Republican presidential hopeful Mitt Romney’s commencement speech at Pat Robertson’s Regent University was widely covered as a test of whether the former governor’s Mormonism can appeal to an audience that regards the religion as a cult. From the Salt Lake Tribune:
It could have been just one of the routine commencements held across the nation Saturday – but this was a Mormon addressing students of a school that labels itself “America’s pre-eminent Christian university,” a scene pundits could predict would be tense given the evangelical community’s concerns with followers of The Church of Jesus Christ of Latter-day Saints.
In that sense, Romney’s visit was a success. Oft-quoted political scientist Larry Sabato said that “Being at Pat Robertson University is the message he needs.” The parent of one Regent grad told a reporter, “It wasn’t until he was about halfway through his speech that I remembered he was Mormon.” You can’t buy press like that.
But Romney’s pilgrimage to Robertson’s headquarters is hardly just a Kennedyesque ecumenical visit. Despite assurances of some embarrassed religious-right leaders to the contrary, Robertson maintains impressive influence in a segment of the population aggressively courted by Republican candidates.
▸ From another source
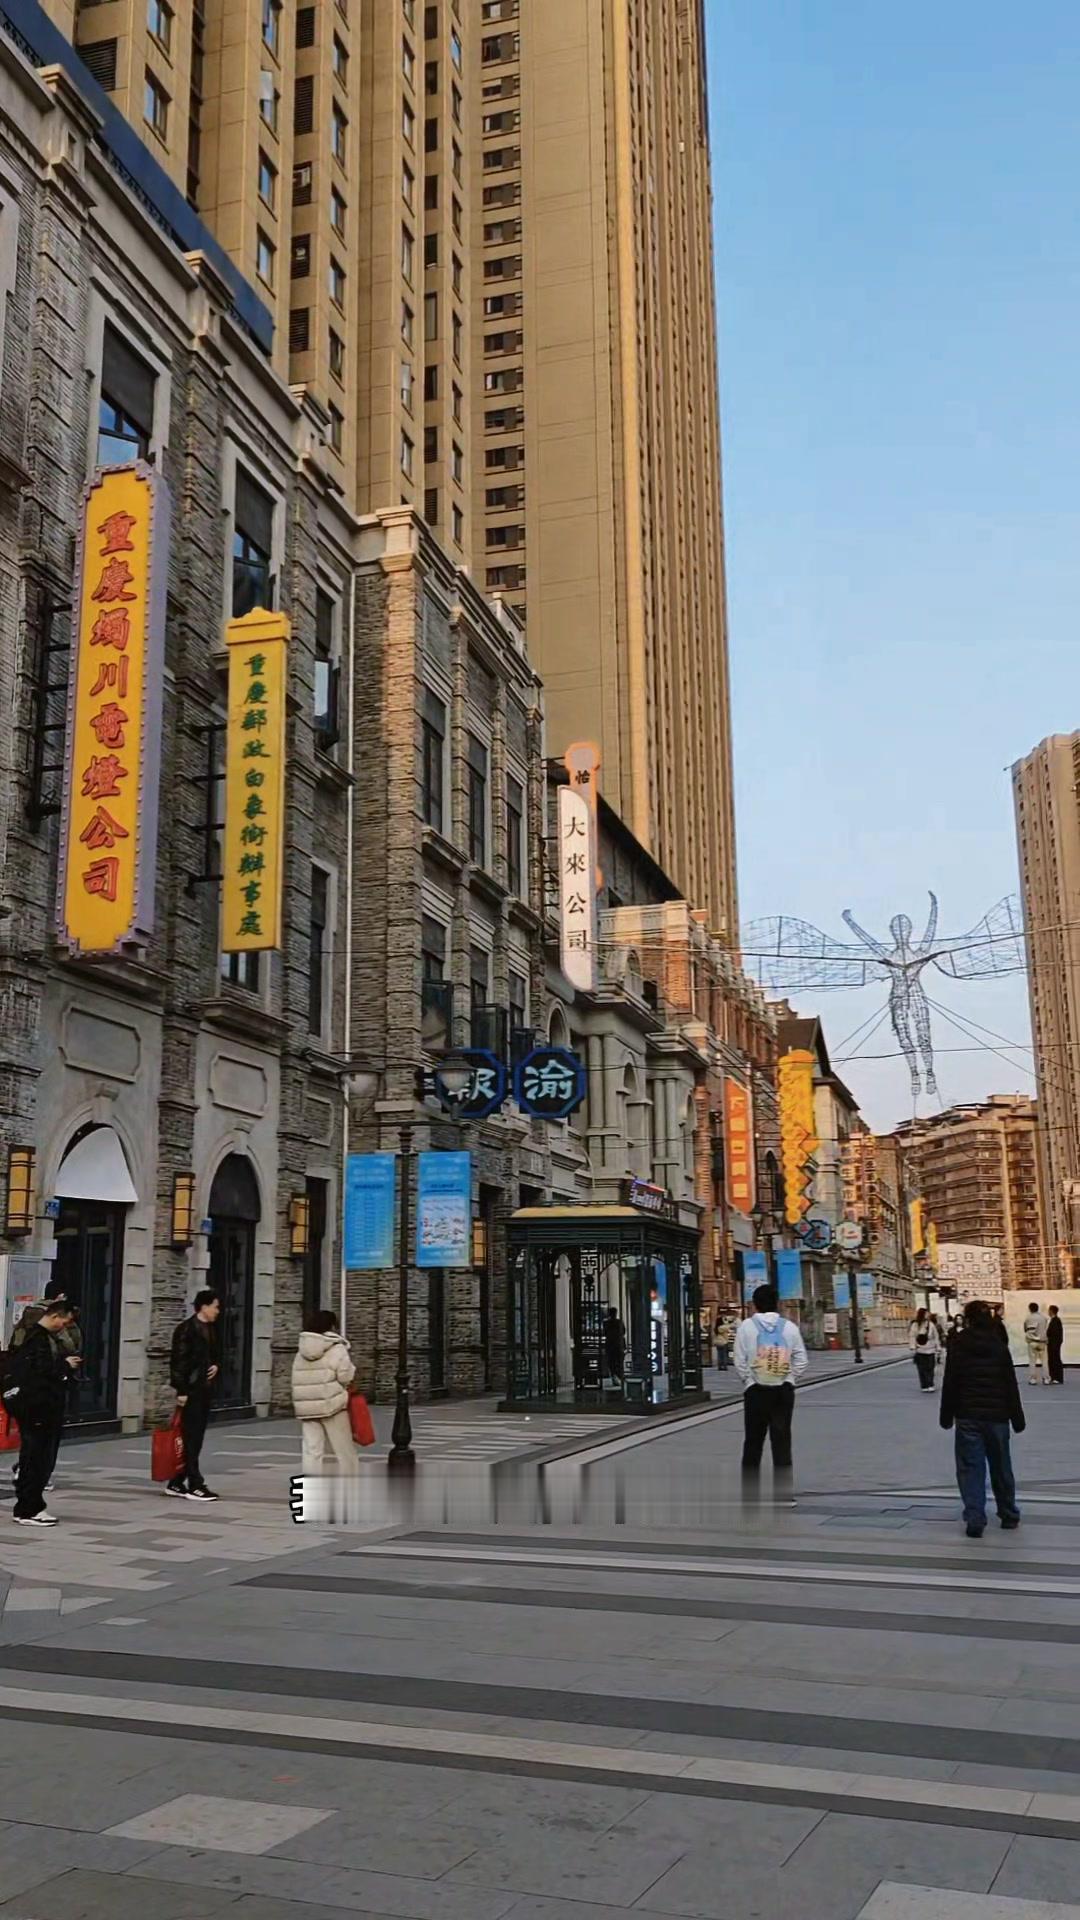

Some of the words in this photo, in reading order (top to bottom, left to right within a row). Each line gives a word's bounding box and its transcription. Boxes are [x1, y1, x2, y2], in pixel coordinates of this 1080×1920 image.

[563, 816, 587, 950] 大來公司
[523, 1059, 576, 1100] 渝
Romney has spent the last four months trying to establish his right-wing bona fides, desperate to vault ahead of the pack and distance himself from his pro-choice past; this visit to Regent is no different.
After leading its article with the news that Romney “did not discuss his Mormon faith,” the Washington Post later notes that Romney’s visits to Regent (this was his second) “underscore the competition for support from top Christian conservative leaders such as Robertson, whose television programs have millions of viewers.” Indeed, Romney is hardly alone. Rudy Giuliani, who needs to shore up support from the Right to compensate for his own ideological straying, will be speaking at Regent next month.